Programming languages are used to convert sets of instructions into a vocabulary that a computer can understand. The goal is to compile instructions into a format that will allow the computer to complete a specific task (see Figure 7.1). Over the years, these languages have evolved into generations:

  1. Generation 1: Machine language, the native language of a computer.
  2. Generation 2: Assembly language, human-readable notation that translates easily into machine language.
  3. Generation 3: High-level languageprogramming languages such as C+ and FORTRAN.
  4. Generation 4: Very high-level language, typically those used to access databases. SQL is an example of a fourth-generation language.
  5. Generation 5: Natural language. These are categorized by their use of inference engines and natural language processing. Mercury and Prolog are two examples of fifth-generation languages.

Figure 7.1. Programming languages.

After the code is written, it must be translated into a format that the computer will understand. These are the three most common methods:

  • Assembler A program translates assembly language into machine language.
  • Compiler A compiler translates a high-level language into machine language.
  • Interpreter Instead of compiling the entire program, an interpreter translates the program line by line. Interpreters have a fetch-and-execute cycle. An interpreted language is much slower than a compiled or assembly language.

Hundreds of different programming languages exist. Many have been written to fill a specific niche or market demand. Examples of common programming languages include these:

  • Active X This language forms a foundation for higher-level software services, such as transferring and sharing information among applications.
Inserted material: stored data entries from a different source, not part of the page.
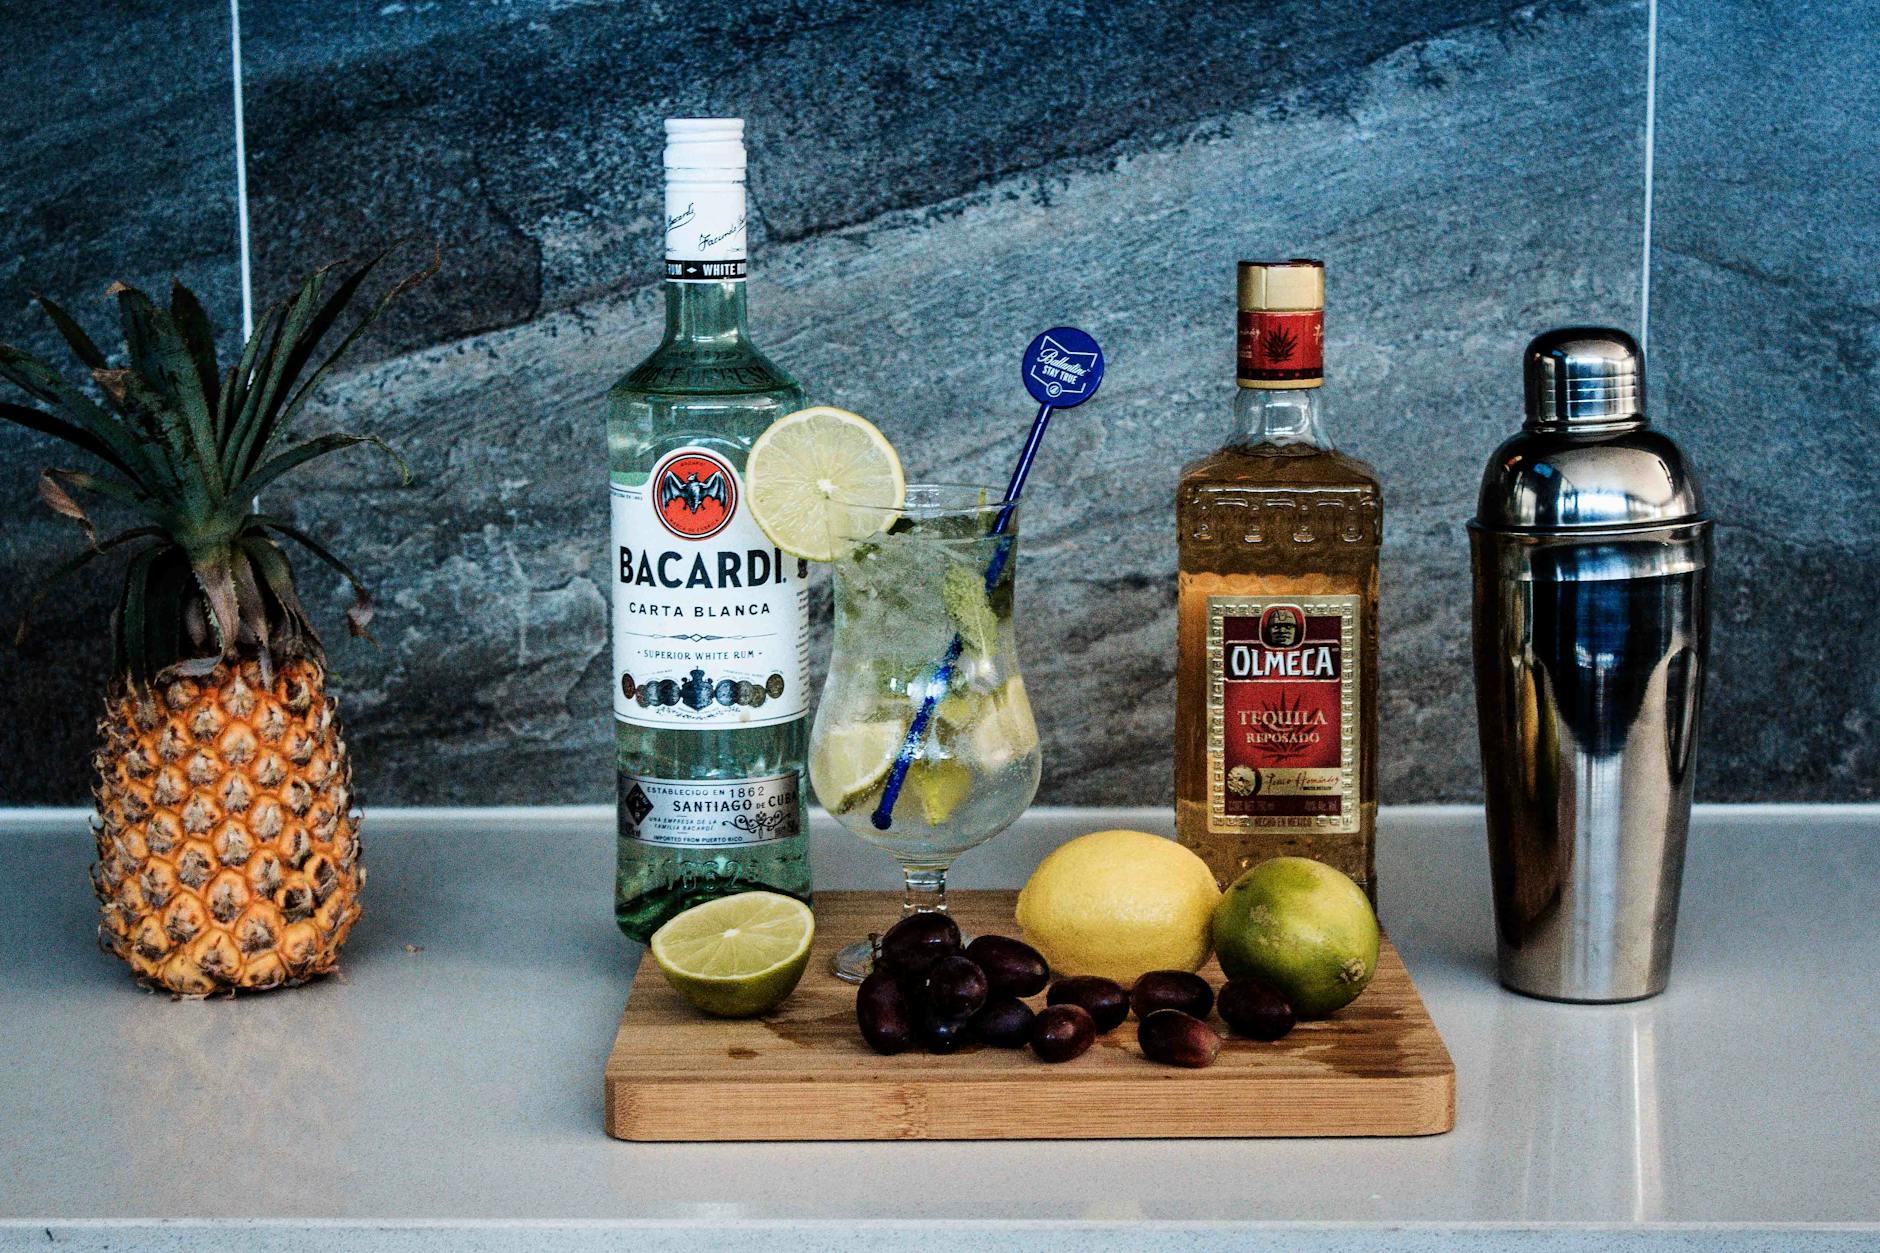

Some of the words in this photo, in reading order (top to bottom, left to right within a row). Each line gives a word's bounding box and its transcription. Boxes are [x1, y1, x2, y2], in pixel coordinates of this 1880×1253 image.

[702, 263, 736, 276] WHITE
[1041, 364, 1061, 378] STAY
[1059, 370, 1079, 385] TRUE
[619, 546, 782, 588] BACARDI
[629, 602, 684, 617] CARTA
[694, 603, 771, 618] BLANCA
[644, 650, 691, 660] SUPERIOR
[695, 652, 729, 660] WHITE
[733, 650, 755, 659] RUM
[1231, 646, 1335, 677] OLMECA
[1237, 710, 1328, 732] TEQUILA
[1246, 733, 1321, 743] REPOSADO
[647, 786, 709, 796] ESTABLECIDO
[730, 786, 765, 798] 1862
[673, 800, 752, 812] SANTIAGO
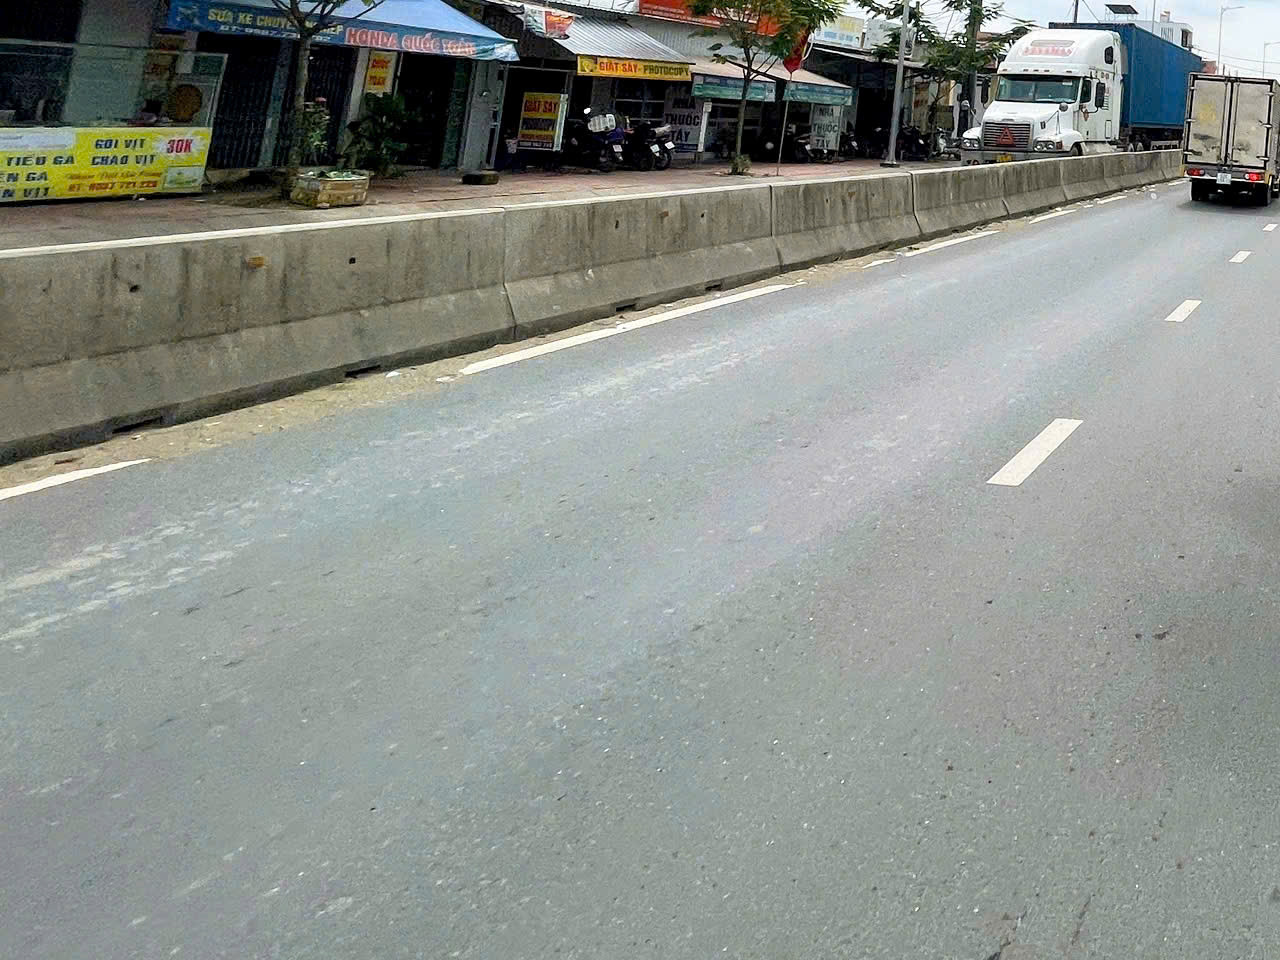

ActiveX controls are a Component Object Model (COM) technology.
  • COBOL Common Business Oriented Language is a third- generation programming language used for business finance and administration.
  • C, C-Plus, C++ The C programming language replaced B and was designed by Dennis Ritchie. C was originally designed for UNIX and is very popular and widely used.
  • FORTRAN This language features an optimized compiler that is widely used by scientists for writing numerically intensive programs.
  • HTML Hypertext Markup Language is a markup language that is used to create web pages.
  • Java This is a relatively new language, developed in 1995 by Sun Microsystems.
  • Visual Basic This programming language was designed to be used by anyone, and it makes it possible to develop practical programs quickly.

Object-Oriented Programming

Object-oriented programming (OOP) is a modular form of programming that supports object technology. It allows pieces of software to be reused and interchanged between programs. This method of programming has been widely embraced because it is more efficient and results in lower programming costs. Because it makes use of modules, a programmer can easily modify an existing program. New modules can be inserted into the program that inherit features from existing objects. Objects that share a particular structure and behavior are said to belong to a particular class. Code from one class can be passed down to another through the process of inheritance. Java and C++ are two examples of OOP languages.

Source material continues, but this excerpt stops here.